Background The effect of ART used before aids diagnosis has been the object of studies. The objectives were to estimate AIDS incidence rates, median AIDS-free-time and to investigate predictor factors for progression to AIDS.
Methods Retrospective cohort study, encompassing 1879 adult patients of the HIV São Paulo Cohort, during 1988–2005. The Kaplan-Meier methods, the Cox proportional hazard model and HRs estimates were used.
Results 981 patients progressed to aids.
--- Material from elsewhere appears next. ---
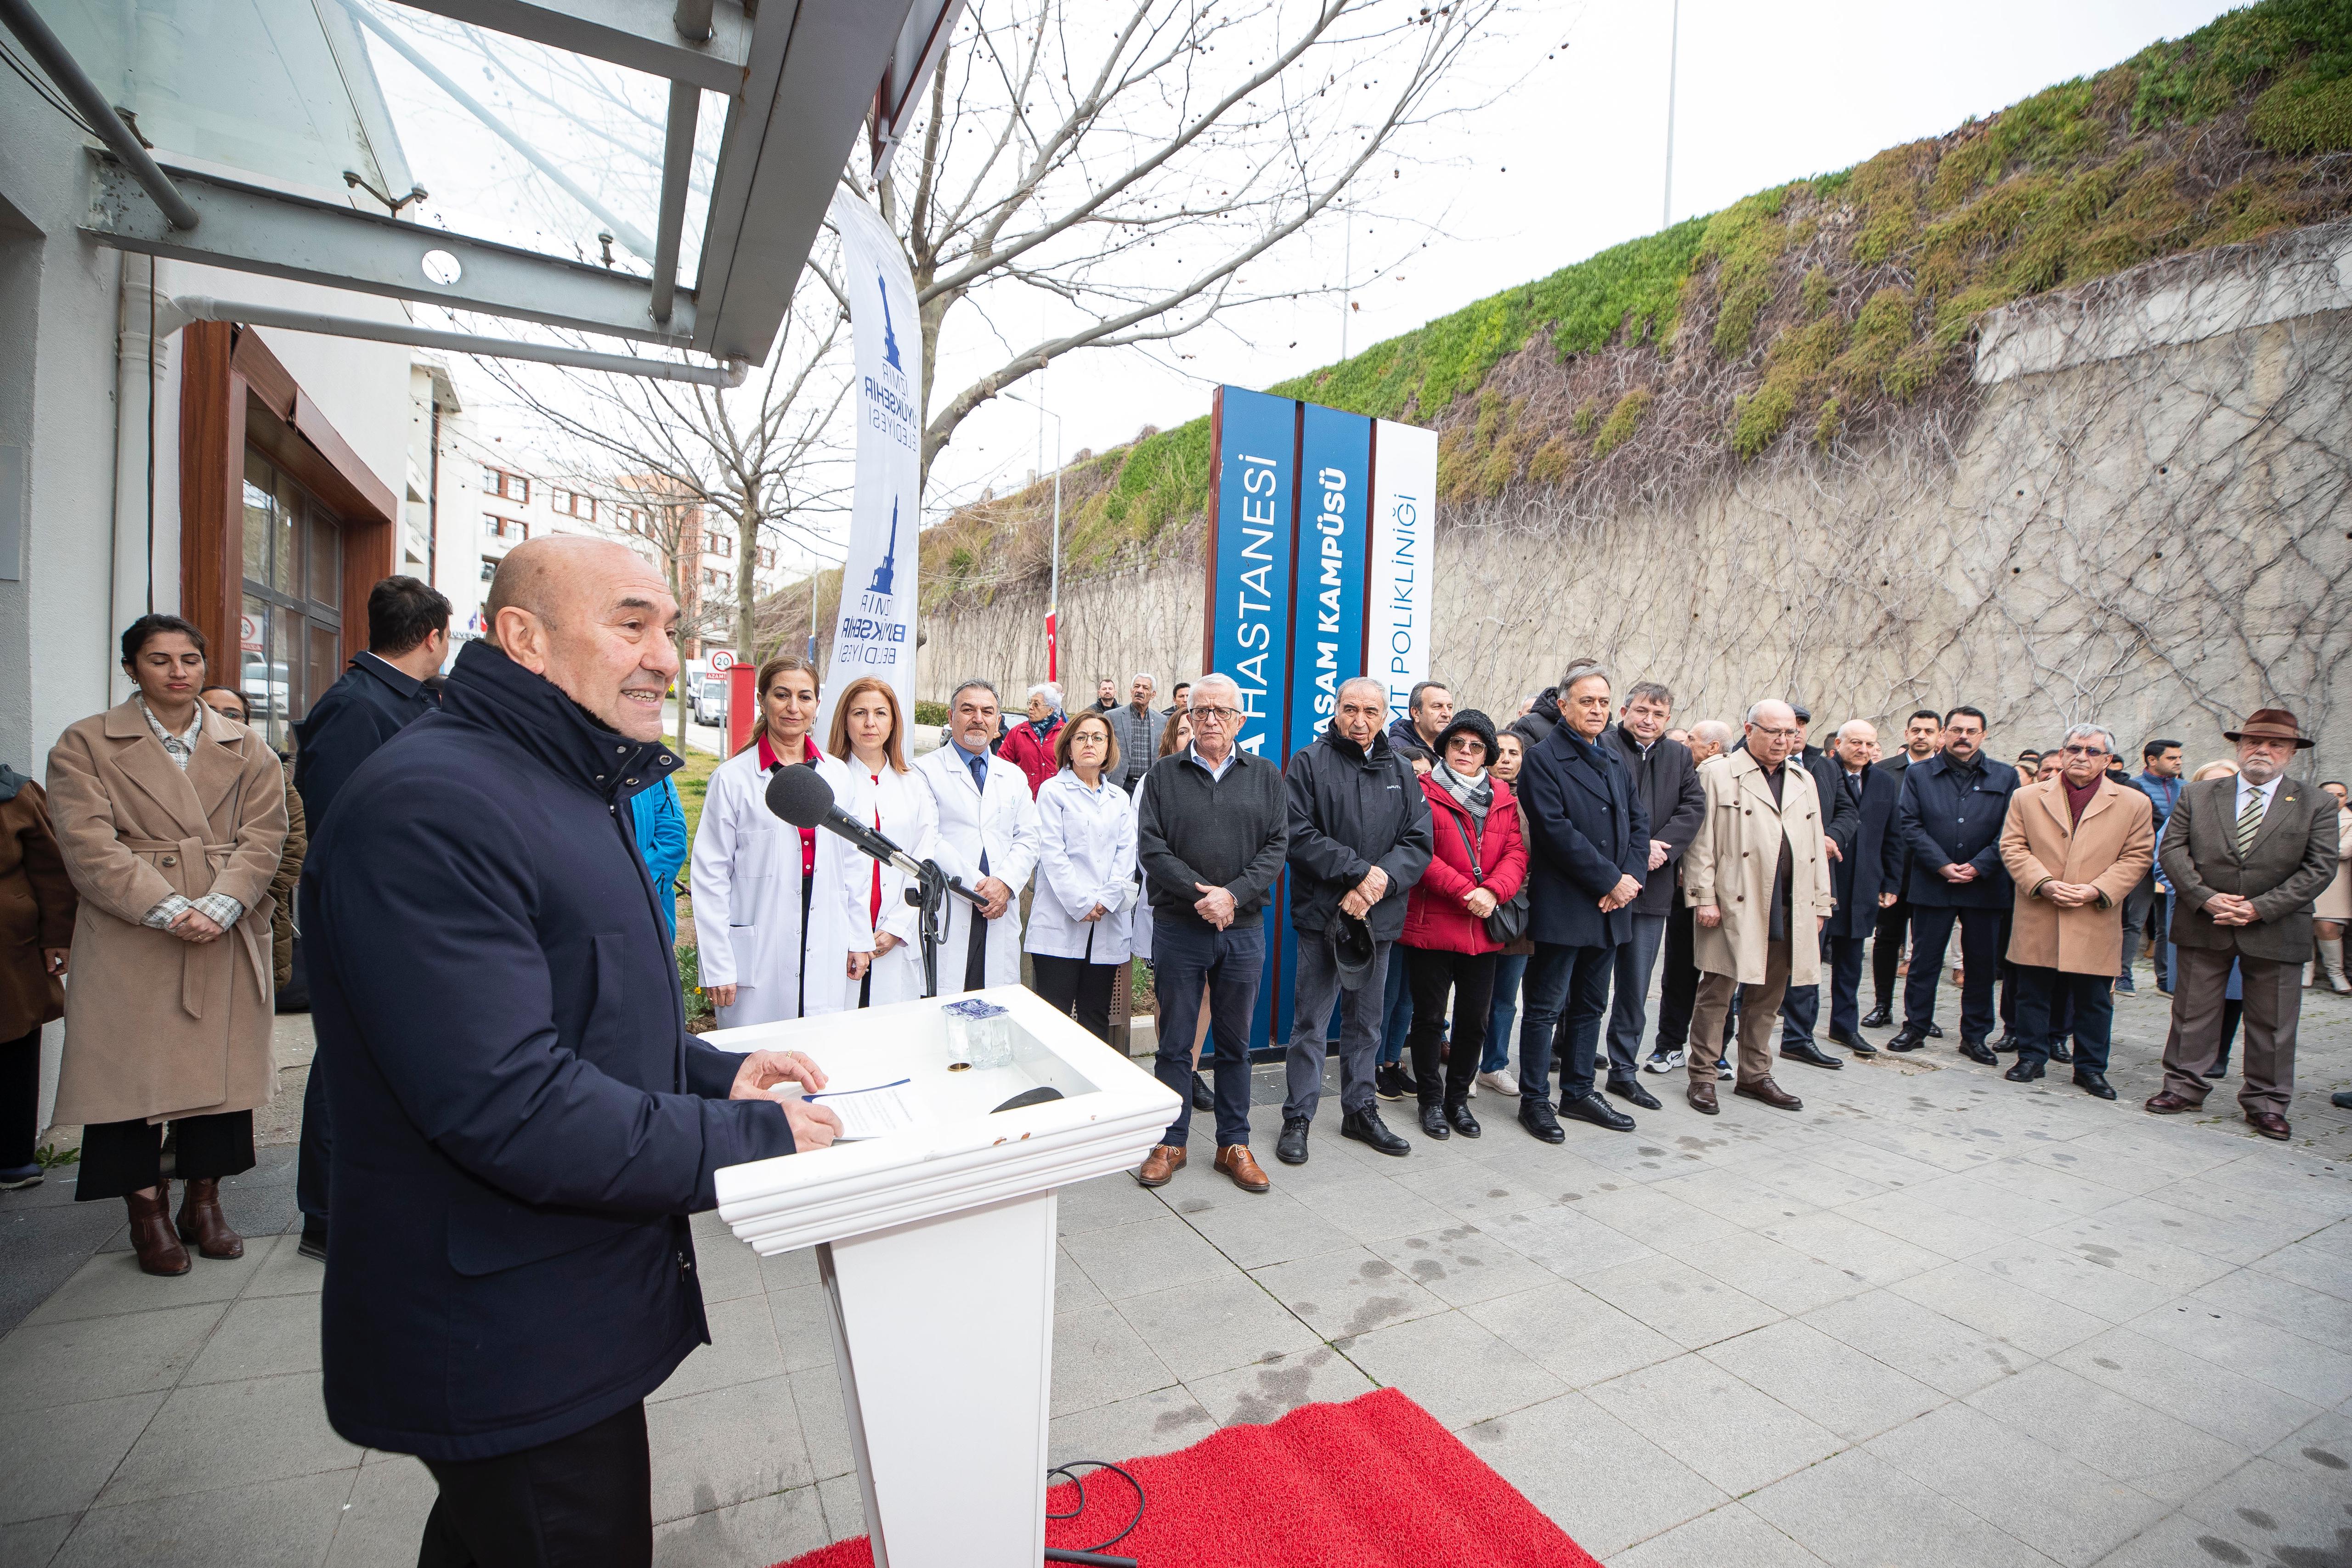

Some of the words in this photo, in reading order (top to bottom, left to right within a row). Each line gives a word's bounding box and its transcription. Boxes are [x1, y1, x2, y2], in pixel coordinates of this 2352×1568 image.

AIDS incidence rates were 11.6 and 7.1 person-years in the 1988–1996 and 1997–2003 periods, respectively. The median time of progression from HIV infection to AIDS without treatment was 53.7 months; with ART without HAART, 90.0 months; and with HAART, over 50% of patients followed did not progress to AIDS until 108 months. Independent prognostic factors for AIDS-free-time were: treatment with ART without HAART (HR 2.1; 95% CI 1.6 to 2.8), no treatment regimen (HR 3.0; 95% CI 2.5 to 3.6); age at HIV infection diagnosis between 30 and 49 years (HR 1.2; 95% CI 1.1 to 1.3), age over 50 years (HR 2.9; 95% CI 2.3 to 5.2); black race/colour (HR 1.4; 95% CI 1.1 to 1.7); MSM (HR 1.4; 95% CI 1.1 to 1.6) and IDU (HR 1.7; 95% CI 1.3 to 2.2) exposure categories; up to 8 years of schooling (HR 1.3; 95% CI 1.1 to 1.5) and no schooling (HR 2.0; 95% CI 1.4 to 5.6); and CD4 count between 350 and 500 cells/mm3 (HR 1.6; 95% CI 1.3 to 1.9).
Conclusions Increased AIDS-free-time was observed, with HAART. Decrease in the incidence rates were observed, Predictor factors to AIDS were treatment, age, race/colour, transmission categories, schooling and CD4 count.